Kudon’ts fell mostly into inadequate knowledge and explanatory materials, and spotty, delayed room upkeep. The on-premises restaurant was officially an app-only facility. Patrons had to order their food online, then select either room service, pickup, or dine in. There were no servers, although the bartender took my order one night. The food was okay; however, the front desk didn’t know whether the protocol was to tip on top of the room service charge built into the app. The staffer said he’d never heard that question. What???????? To me, that is (or should be) very basic.

The front desk didn’t seem to know much about the restaurant’s protocols. This would have been okay if we had been so apprised upon check-in—but to the typical observer, 9380 was just another hotel restaurant. In fact, it was essentially a separate business. Trial-and-error was required to master the app (which didn’t always work); charges didn’t seem to be standardized (e.g., my order through the bartender was charged differently than the app).

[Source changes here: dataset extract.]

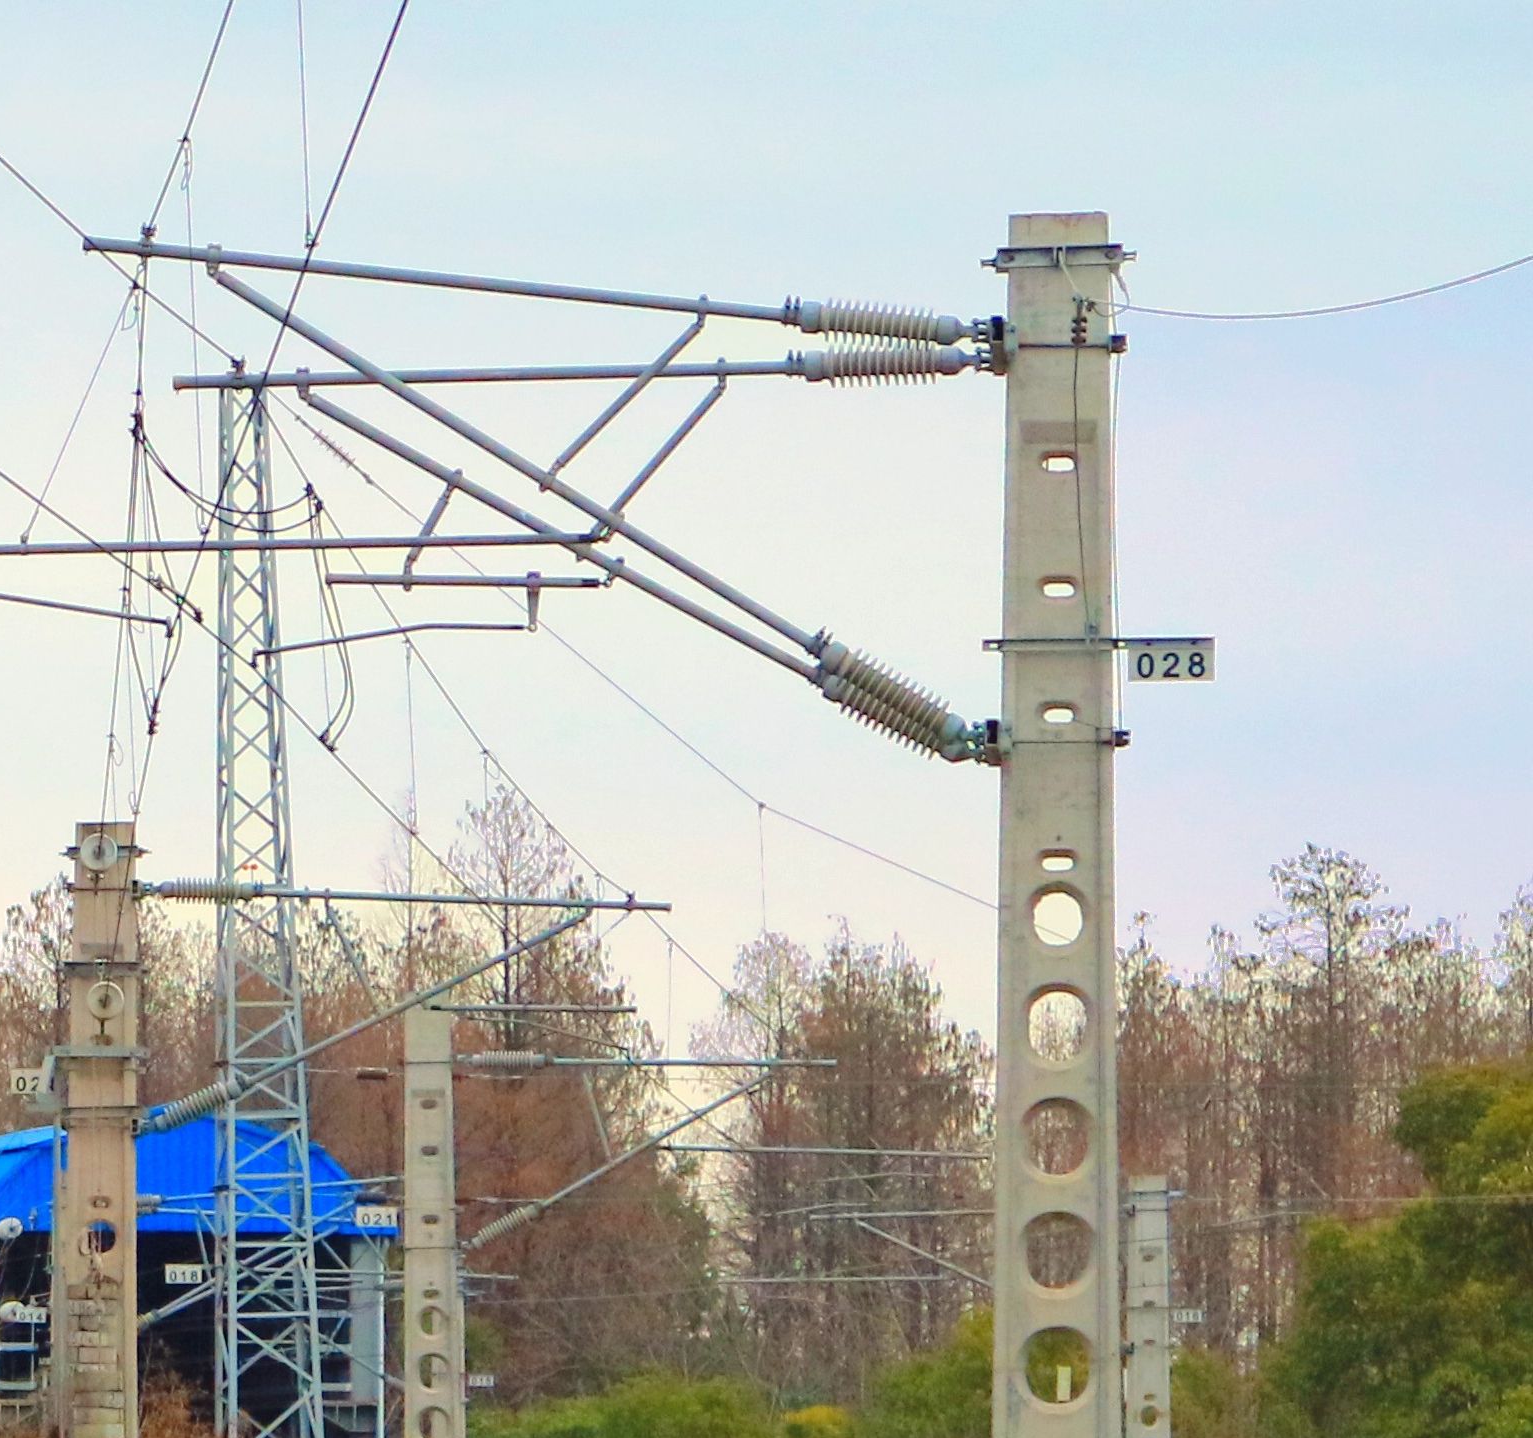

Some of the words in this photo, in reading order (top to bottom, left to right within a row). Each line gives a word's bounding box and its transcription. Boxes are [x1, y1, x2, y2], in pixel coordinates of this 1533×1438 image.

[1136, 652, 1206, 679] 028
[361, 1212, 393, 1226] 021
[169, 1269, 198, 1282] 018

One day, it took four requests to get housekeeping to clean our room. Granted, it was a busy checkout/check-in day over the Labor Day weekend. The coffee pot leaked. The tub/shower faucet was loose. The toilet paper roll didn’t work properly. The leading edge of the sliding screen door looked like a dog had munched on it. The in-room safe didn’t work. The bedspreads were shopworn. And, I had to borrow an extension cord for basic electronics connections because many of their plugs were virtually inaccessible behind heavy furniture.

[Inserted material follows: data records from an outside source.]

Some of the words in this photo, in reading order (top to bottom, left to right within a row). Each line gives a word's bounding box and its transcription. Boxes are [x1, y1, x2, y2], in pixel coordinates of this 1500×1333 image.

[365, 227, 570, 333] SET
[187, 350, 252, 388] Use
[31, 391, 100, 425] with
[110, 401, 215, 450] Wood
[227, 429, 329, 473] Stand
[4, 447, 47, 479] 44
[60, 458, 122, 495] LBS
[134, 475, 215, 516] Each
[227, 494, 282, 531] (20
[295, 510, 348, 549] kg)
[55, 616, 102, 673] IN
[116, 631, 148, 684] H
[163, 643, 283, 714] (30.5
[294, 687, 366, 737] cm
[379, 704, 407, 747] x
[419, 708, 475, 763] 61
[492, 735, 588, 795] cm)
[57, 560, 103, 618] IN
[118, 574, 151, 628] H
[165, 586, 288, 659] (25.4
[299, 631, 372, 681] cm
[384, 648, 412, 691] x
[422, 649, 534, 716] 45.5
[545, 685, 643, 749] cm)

Takeaways from this experience include:

  • Patrons also need to “sweat the small stuff” to help keep corporate America on its toes, and its facilities in good order. If nobody complains about a problem (e.g., inaccessible outlets), it well may not get fixed in a timely fashion. If multiple guests complain, it will register and hopefully get handled sooner. Patrons who just complain to themselves are as much a part of the customer service problem as the entity about which they’re complaining.
  • Facilities such as hotels need to do a better job policing their rooms, and identifying items that require attention. Some of this can be handled by housekeeping when cleaning the rooms, by making sure they complete a checklist of top-level items on a regular basis. On top of this, managers and staff need to inspect rooms more in-depth and troubleshoot (e.g., a manager checking our room for accessible outlets likely would have put in a work order for additional, easily reached capacity).

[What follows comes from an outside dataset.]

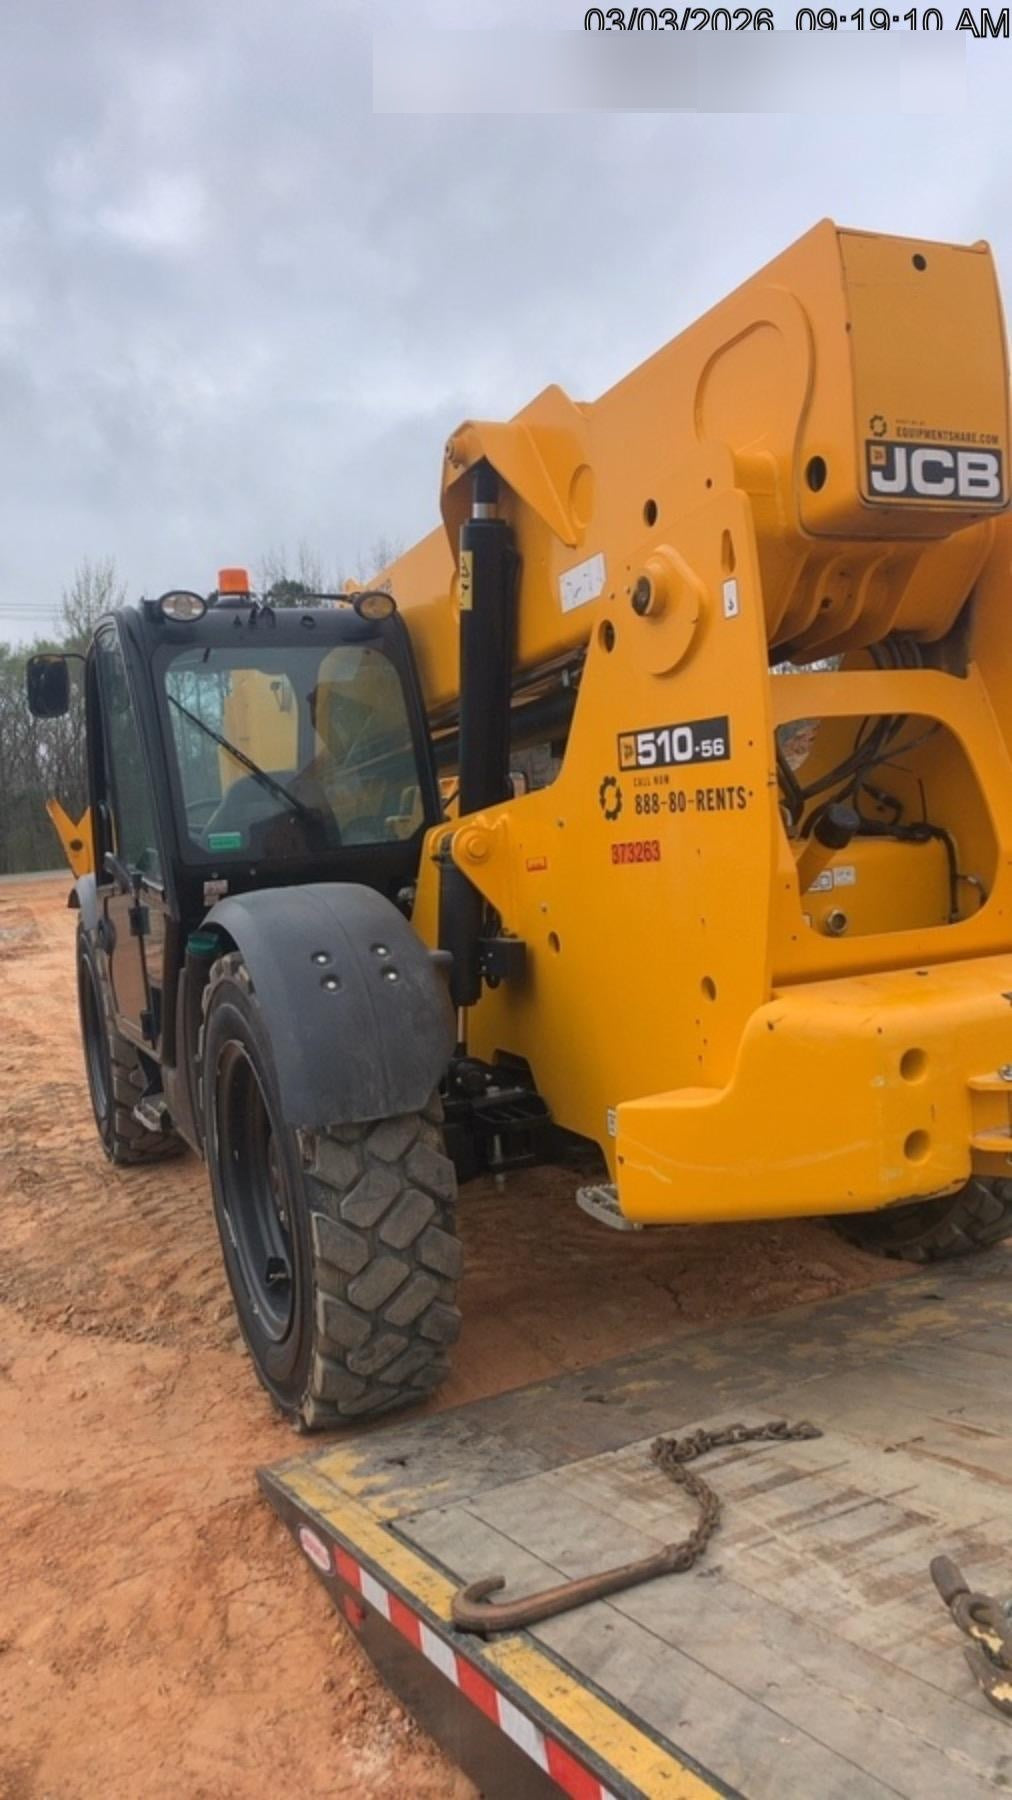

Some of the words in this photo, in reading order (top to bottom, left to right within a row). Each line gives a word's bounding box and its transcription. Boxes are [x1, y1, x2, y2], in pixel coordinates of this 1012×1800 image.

[896, 426, 999, 445] EQUIPMENTSHARE.COM
[871, 447, 1001, 498] JCB
[635, 786, 747, 815] 888-80-RENTS
[611, 840, 661, 865] 373263

Overall score on a scale of 1 (lowest)-10 (highest) for Elevation Hotel and Spa in Crested Butte: 7.5. I would go back because the kudos outweigh the kudon’ts. And I would be more proactive about checking out our room before getting settled, to address those “little” issues that can become very annoying—especially as they start to add up.


Edited 9/22/18 corrected hotel name from Elevations Hotel to Elevation Hotel and Spa.


To be continued…watch for the next installment:

Crested Butte holiday stay spotlights customer service peaks, valleys, continued
Kudos and Kudon’ts of 4 days in a glorious natural setting
Part 3, Dining: Food & Beverage

ICYMI: Part 1



Mark Lusky is a veteran writer, storyteller and author, with 40+ years of public relations, advertising, marketing and journalism experience. He is the author of A Wandering Wondering Jew… and co-author of Don’t Get Mad, Get Leverage. AKA The Happy Curmudgeon, Mark is the owner of a Denver-based marketing communications firm celebrating 36 years in business in 2018.

4 replies on “Crested Butte’s Elevation Hotel and Spa: Rocky Mountain high and a few downers”

Your point about customers who “complain to themselves” is a good one. Customer Service is a two-way street in that a business isn’t going to know what to improve if they don’t know what the issues to address are. Customer Satisfaction Surveys are an attempt to fill that need, however, speaking for myself, I usually don’t fill them out because it takes too much time to fill out a questionnaire filled with 1-10 responses that are not applicable to the issue. So speaking up at the time an issue crops up is critical.